Menuju Indonesia Emas 2045
Ancaman perpecahan dan maraknya korupsi masih menjadi tantangan yang harus dihadapi bangsa ini untuk menuju Indonesia Emas 2045. Persoalan ini perlu mendapat perhatian dari semua pihak.
"Jatuh bangunnya negara ini, sangat tergantung dari bangsa ini sendiri. Makin pudar persatuan dan kepedulian, Indonesia hanya sekadar nama dan gambar seuntaian pulau di peta. -Mohammad Hatta-
Sehari lagi, negara Indonesia berusia 74 tahun. Perjalanan lebih dari setengah abad ini diwarnai pasang surut yang menguji persatuan kesatuan dan ketahanan sebagai bangsa. Kendati demikian, bangsa ini masih memiliki banyak pekerjaan rumah untuk terus bertahan dalam persatuan hingga mencapai Indonesia emas pada 2045.
Kekhawatiran akan terjadinya disintegrasi bangsa sempat mengemuka. Yang terakhir, saat perhelatan lima tahunan untuk memilih pemimpin negara melalui pemilu presiden 2019 digelar. Ketika itu, masyarakat terbelah baik di dunia nyata maupun di dunia maya yang ditandai dengan populernya istilah ‘cebong’ dan ‘kampret’ yang mengidentifikasikan pilihan politik dan golongan.
Namun belakangan, kondisi tersebut mulai mereda terutama pascarekonsiliasi dua tokoh utama dalam kontestasi politik 2019, yakni Joko Widodo dan Prabowo Subianto. Sayangnya, ademnya situasi politik di tingkat elit belum menyentuh level masyarakat di bawah. Perdebatan berbasis isu agama, ras, dan golongan masih bermunculan di dunia maya.
Gonjang-ganjing di dunia politik tersebut, di sisi lain, seolah tidak menyentuh sebagian generasi muda yang akrab disebut kaum milenial. Geliat bisnis perusahaan rintisan yang digawangi anak-anak muda bak oase dan memberi harapan bagi negeri ini untuk berdikari secara ekonomi. Di sejumlah bidang, kalangan muda juga mulai menunjukkan perannya.
Tantangan
Hanya saja, dunia politik terlihat kian tua. Kiprah anak-anak muda di bidang ini tak terlihat. Berdasarkan kajian Litbang Kompas, jumlah calon anggota legislatif muda berusia kurang dari 40 tahun yang lolos ke DPR periode 2019-2024 turun dibandingkan pada periode 2014-2019. Dari kajian itu, hanya 72 orang dari 575 anggota DPR atau 12,5 persen tergolong muda. (Kompas, 12 Agustus 2019)

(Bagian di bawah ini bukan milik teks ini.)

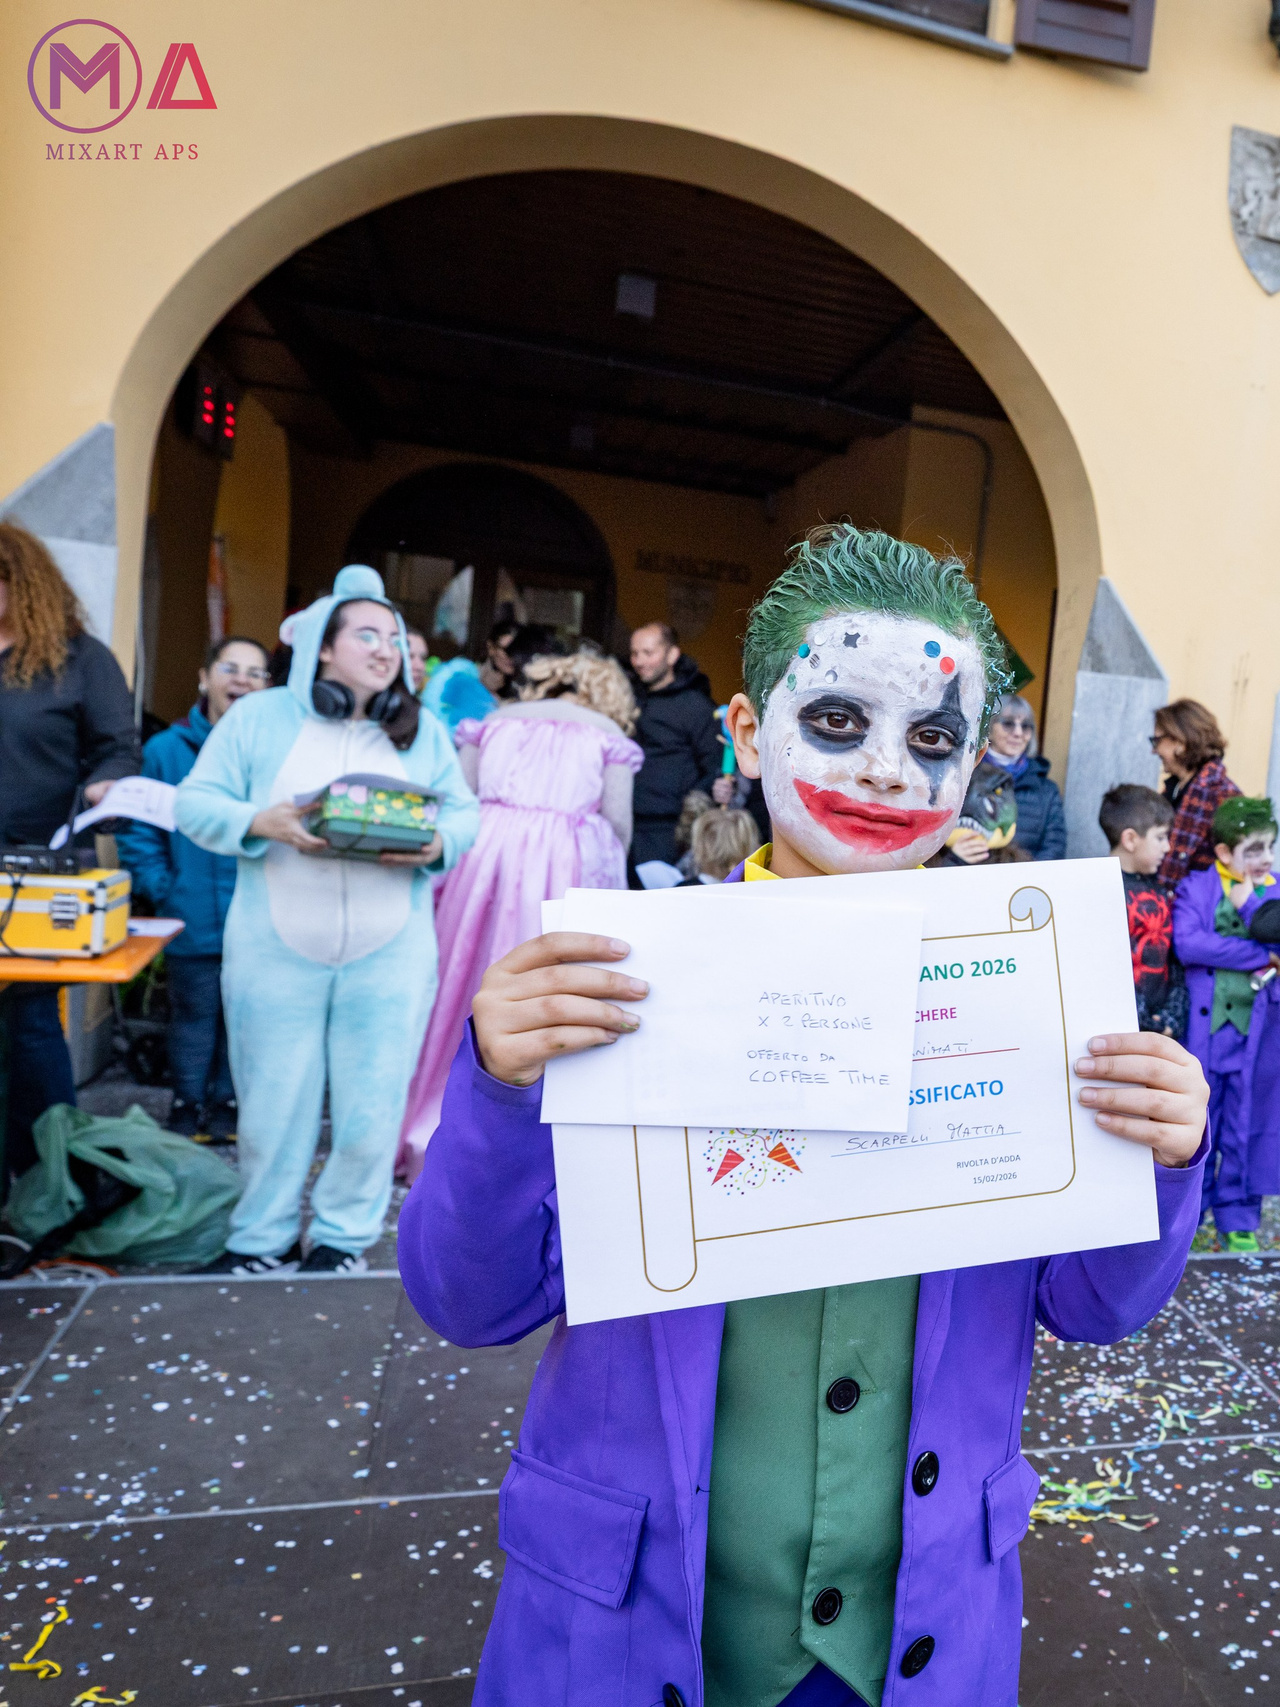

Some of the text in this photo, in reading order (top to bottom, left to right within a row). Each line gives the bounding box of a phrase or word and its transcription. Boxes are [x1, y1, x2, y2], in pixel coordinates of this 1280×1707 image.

Tindakan afirmatif dibutuhkan untuk mendorong lebih banyak orang muda terjun ke politik. Kaderisasi politik mesti berjalan. Ini penting untuk menjamin mulusnya perpindahan tongkat estafet kepemimpinan nasional, juga tranfer nilai-nilai dan ideologi negara.
Lalu, formula apa yang perlu dilakukan untuk Indonesia terus bertahan dan bisa menjadi rumah bagi masyarakat yang beragam?
Dalam acara bincang Satu Meja The Forum di Kompas TV, Rabu (14/8/2019), yang dipandu Wakil Pemimpin Umum Harian Kompas Budiman Tanuredjo, Wali Kota Bogor Bima Arya menyampaikan tantangan terbesar adalah menjaga kebersamaan dan menguatkan unsur-unsur perekat yang harus diperkuat.
“Bukan lagi berkutat pada perbedaan yang membuat kita tidak kemana-mana. Padahal banyak urusan belum selesai yang harus dibereskan, seperti kemiskinan, kebodohan, kemacetan, hingga korupsi. Sedangkan yang sudah selesai seperti Pancasila, NKRI, Bhineka Tunggal Ika, dan UUD 45 jangan dibongkar lagi,” ujar Bima.
Namun, menurut Bima, mengemukanya ancaman perpecahan di tengah masyarakat juga dipicu dari para politisi. “Ini ada kaitan dengan sistem politik kita. Kontestasi yang banal dan liar, serta liberal menimbulkan banyak isu yang menurunkan konteks demokrasi. Isu sektarian masuk ke politik, isu agama masuk ke politik. Sialnya, banyak politisi menggunakan ini saat tidak mampu bertarung secara konsep dan gagasan,"ujarnya.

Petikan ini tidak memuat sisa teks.